• What is needed
For this exercise, output the line containing "this 1418×1416 image." and every line after it through the end of the records, exactly, and no other line.

────────────────

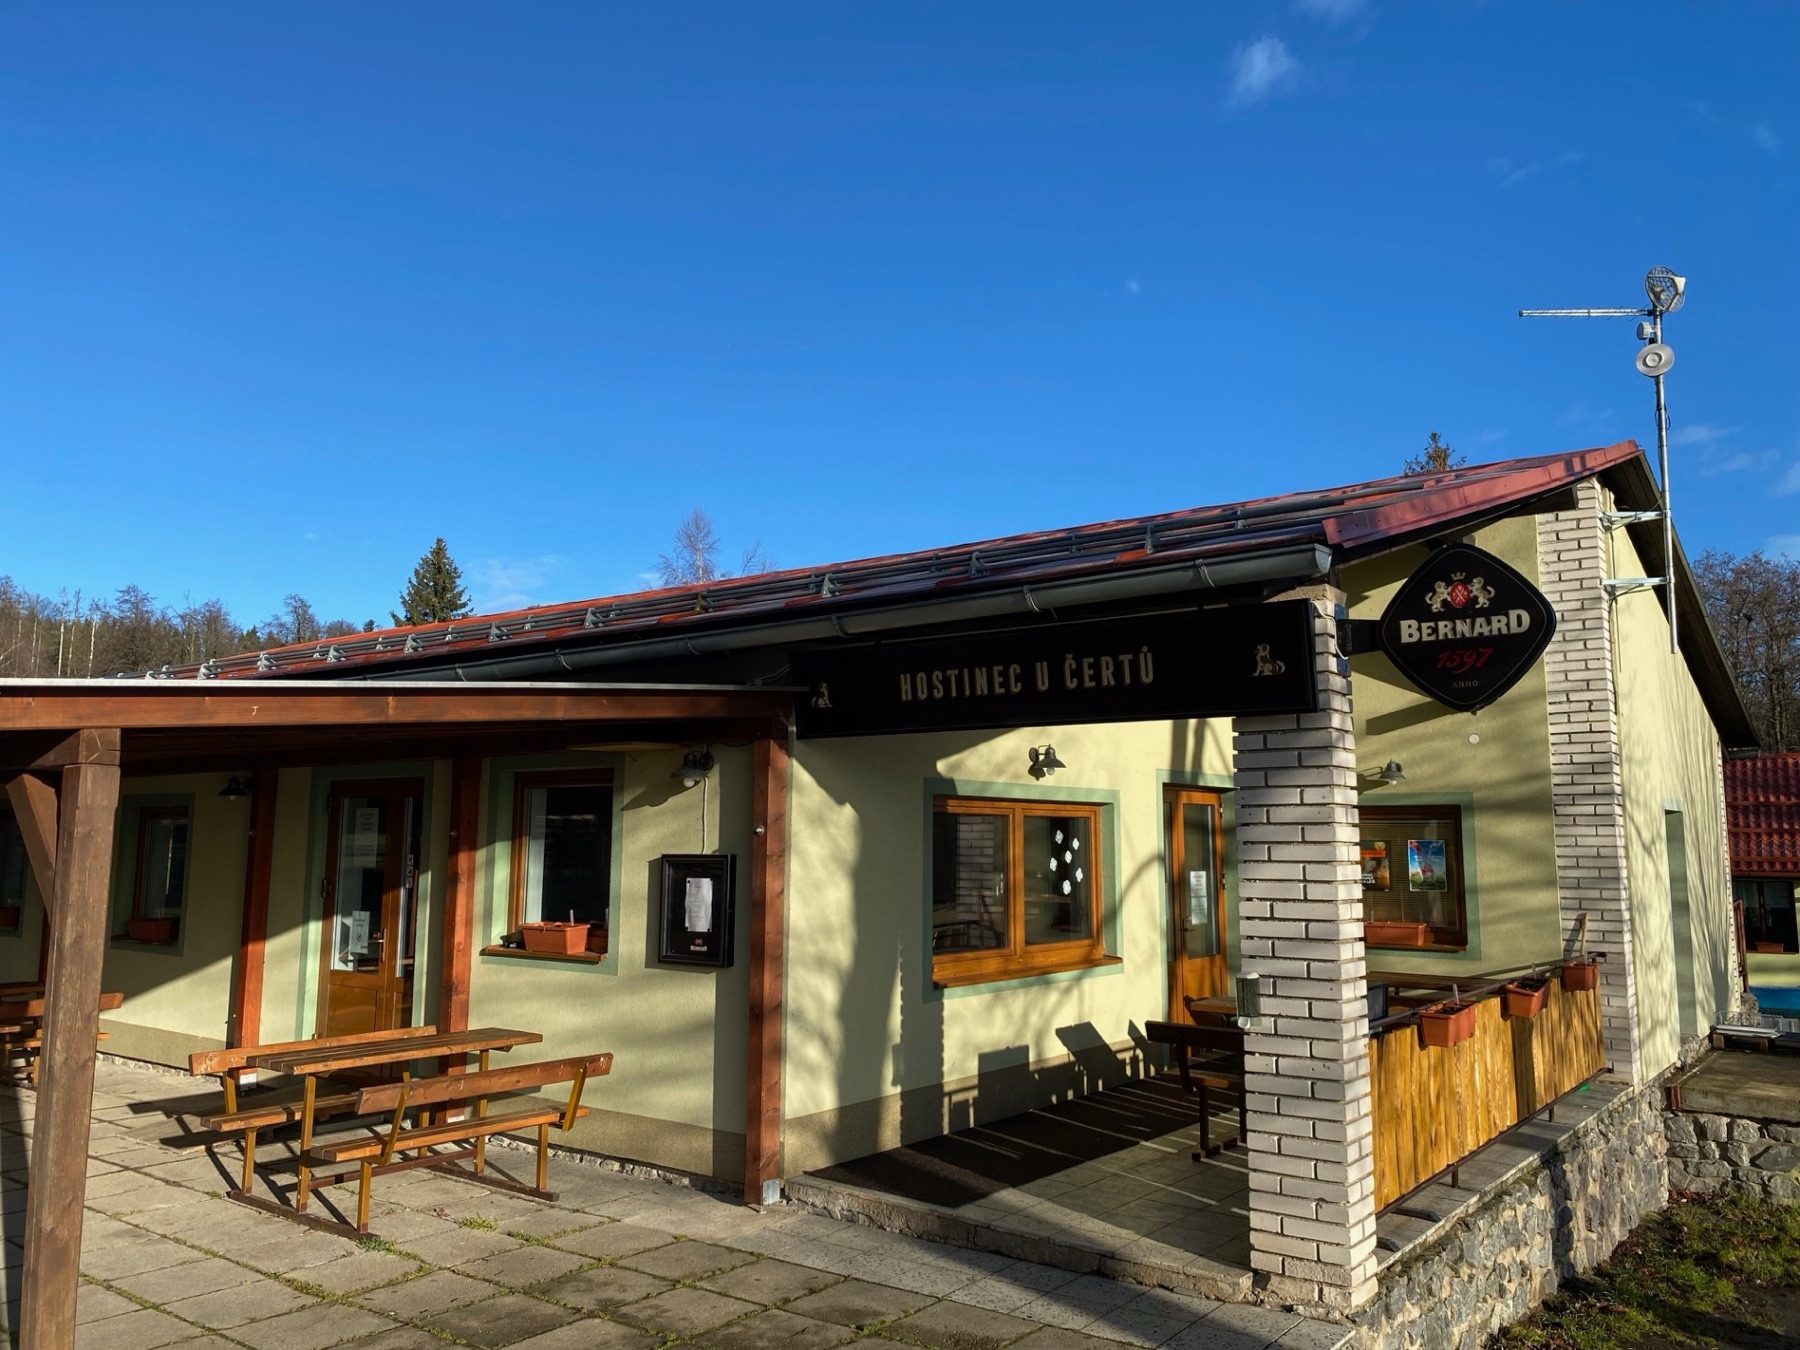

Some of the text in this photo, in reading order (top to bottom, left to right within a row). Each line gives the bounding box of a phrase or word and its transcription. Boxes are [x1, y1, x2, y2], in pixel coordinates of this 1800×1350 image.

[1400, 609, 1530, 643] BERNARD
[900, 645, 1153, 701] HOSTINEC U ČERTŮ
[1435, 647, 1493, 673] 1597
[1452, 680, 1478, 688] ANNO
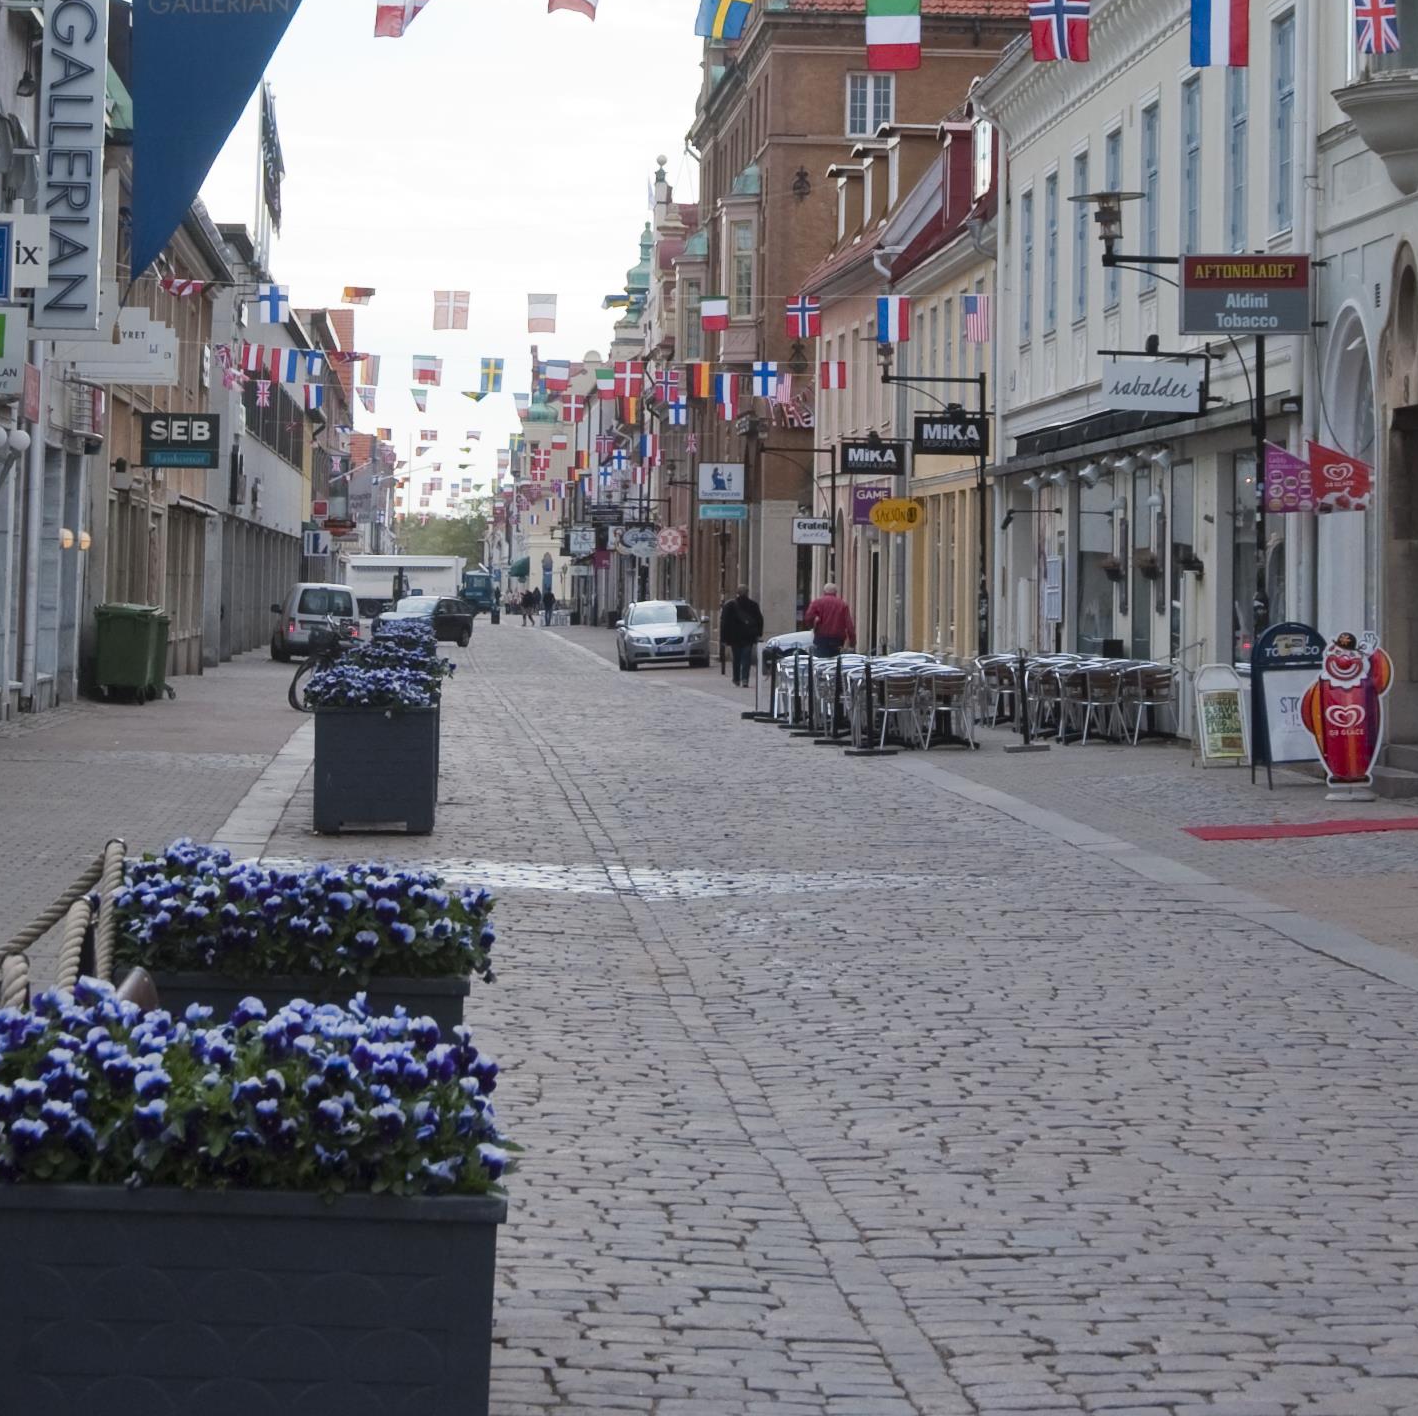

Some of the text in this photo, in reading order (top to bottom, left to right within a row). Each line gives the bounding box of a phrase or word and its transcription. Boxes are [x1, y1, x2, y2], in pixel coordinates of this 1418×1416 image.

[1194, 263, 1296, 280] AFTONBLADET
[1225, 292, 1269, 309] Aldini
[1215, 312, 1279, 328] Tobacco
[150, 419, 211, 442] SEB
[856, 489, 888, 500] GAME

────────────────

• Result of this task
Some of the text in this photo, in reading order (top to bottom, left to right within a row). Each line gives the bounding box of a phrase or word and its transcription. Boxes are [x1, y1, x2, y2], in pixel coordinates of this 1418×1416 image.

[1194, 263, 1296, 280] AFTONBLADET
[1225, 292, 1269, 309] Aldini
[1215, 312, 1279, 328] Tobacco
[150, 419, 211, 442] SEB
[856, 489, 888, 500] GAME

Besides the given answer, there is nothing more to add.